Thus, according to the author it is understood that to research collaboratively, it is necessary that researchers and teachers meet constantly to reflect on this knowledge, from reflective cycles that help the analysis, the dialogism and the collaboration between pairs of different levels of professional competence, expanding the levels of theoretical and practical knowledge of researchers and teachers.
The collaborative research scenario is, therefore, marked by the co-production of knowledge among teachers, as teachers and researcher elaborate the knowledge they have and their professional experiences to share with others, mediated by each other's speech and by theoretical readings, they expand their possibilities of understanding about teaching and build new ways of thinking and acting as educators.
In this reconstruction process, the elaborated social and personal meanings go beyond the space of understanding the text itself, since they "penetrate the conceptual system already elaborated by the teacher, making it evolve to another level". In reflexivity, "the teacher dives into practice and brings theory to the surface to understand more clearly the concepts that guide teaching activity" reconstructing, critically and reflexively, his/her pedagogical praxis . (IBIAPINA, 2008, p. 47).
To structure this reflexivity process in collaborative research, Ibiapina (2008), inspired by the writings of Freire (2004) and Smyth (1992), proposes the organization of reflective actions based on the following steps: description, information, confrontation and reconstruction. Briefly, the first moment refers to the detailed description of professional practice; the second characterizes the reflections that turn to the understanding of the fundamentals that guide the choices made by teachers in the exercise of their profession; the third moment, the confrontation is a crucial period in this reflection process, because it is when teachers seek to understand critically the social meaning of their actions, pondering about the maintenance or transformation of inequalities, differences and prejudices and, finally, in the final moment, there is the possibility of reconstructing the professional practice.
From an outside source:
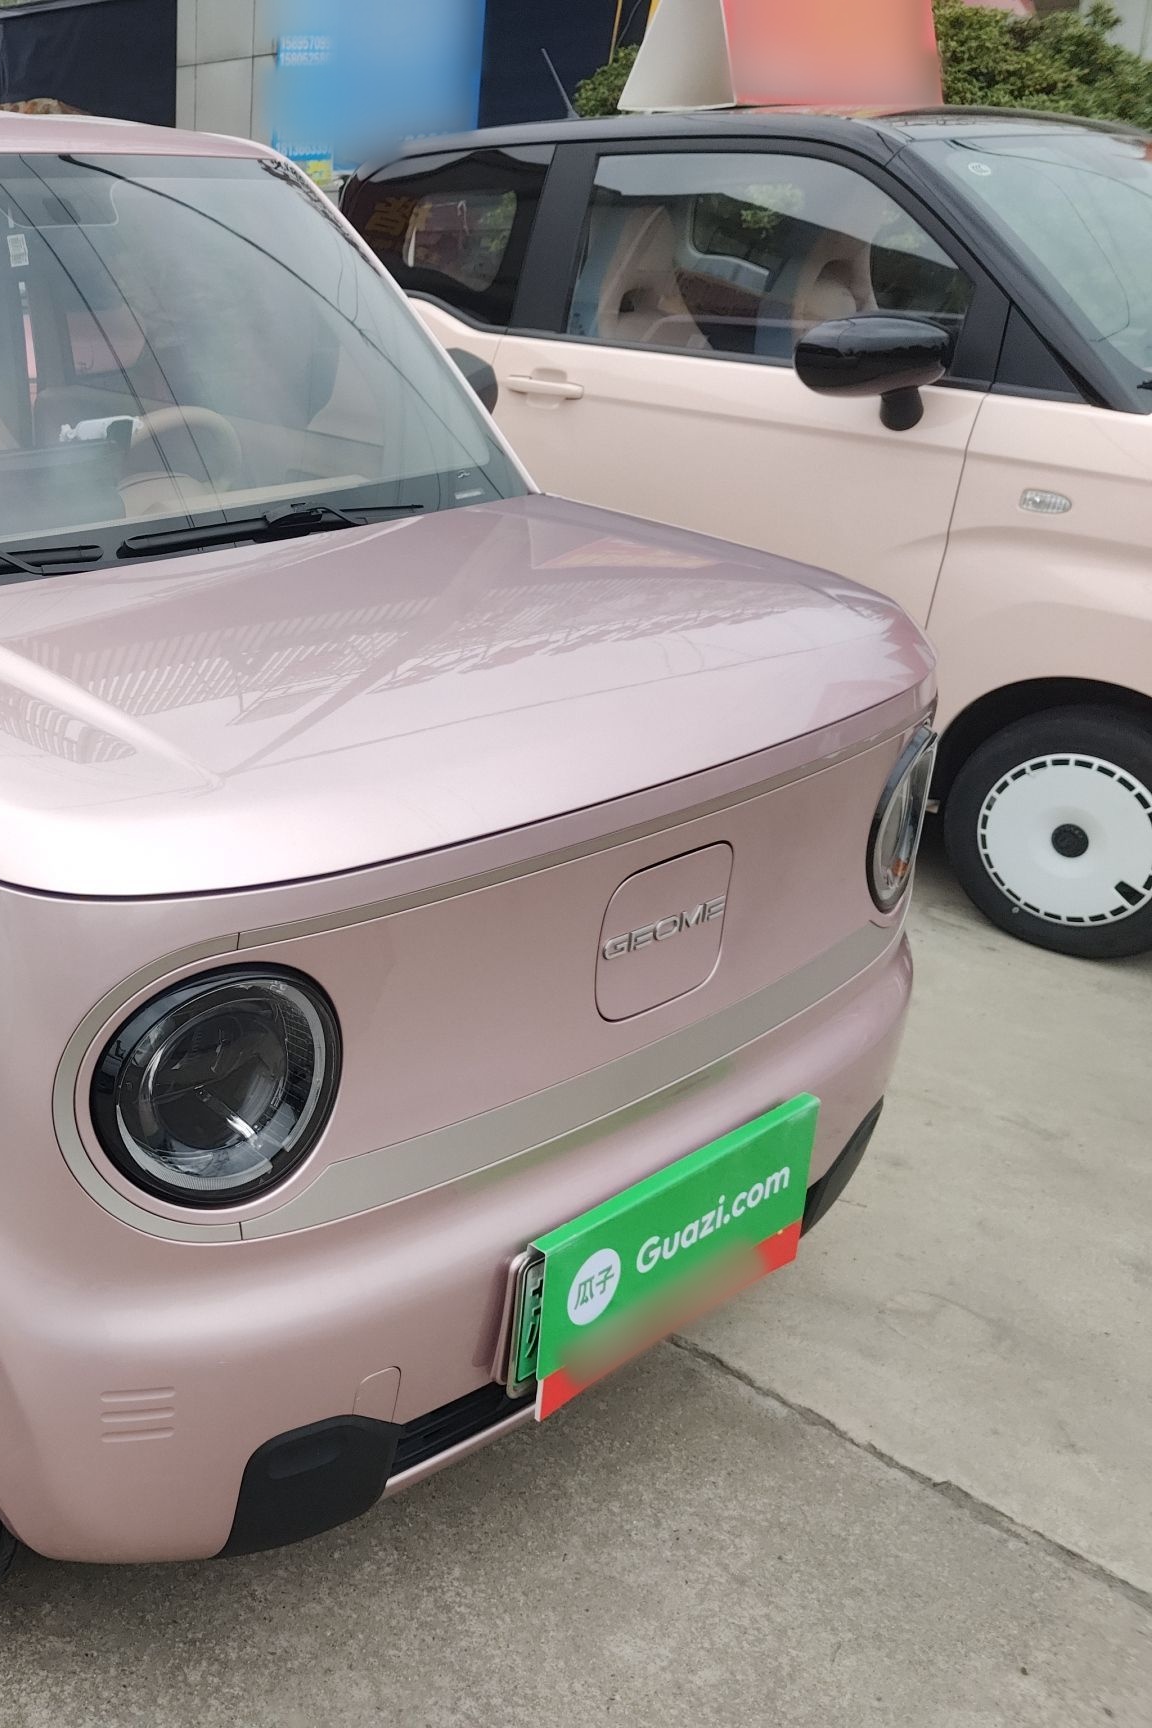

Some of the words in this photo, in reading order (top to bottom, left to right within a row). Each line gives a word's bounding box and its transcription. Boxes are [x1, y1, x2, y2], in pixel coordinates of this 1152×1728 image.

[602, 895, 726, 960] GEOME
[635, 1166, 791, 1274] Guazi.com
[573, 1263, 615, 1311] 瓜子
The objectification of this reflective process can be done, according to the author, through different tools, resources and procedures that are used as mediating devices in the development of research. For example: face to face dialogue; video training; autobiographical narrative; collaborative observation and/or reflective sessions.
Action research in teacher education in Franco (2005) and Pimenta (2005): the Pedagogy of Action Research and Critical-Collaborative Action Research
To explain her perspective on the pedagogy of action research, Franco (2005) deepens her reflections on the pertinence and possibilities of action research as a pedagogical and scientific instrument, allowing us to reflect on the possibilities and limits of research. Based on Kurt Lewin (1946), the author reports some of the history of action research and highlights in which contexts and intentionalities action research has been used in the last decades, as well as its different methodological aspects. In this way, she affirms the need to deepen on its epistemological essentiality, and its possibilities as investigative praxis to guarantee unity between theory and method and the scientific validity of the studies carried out.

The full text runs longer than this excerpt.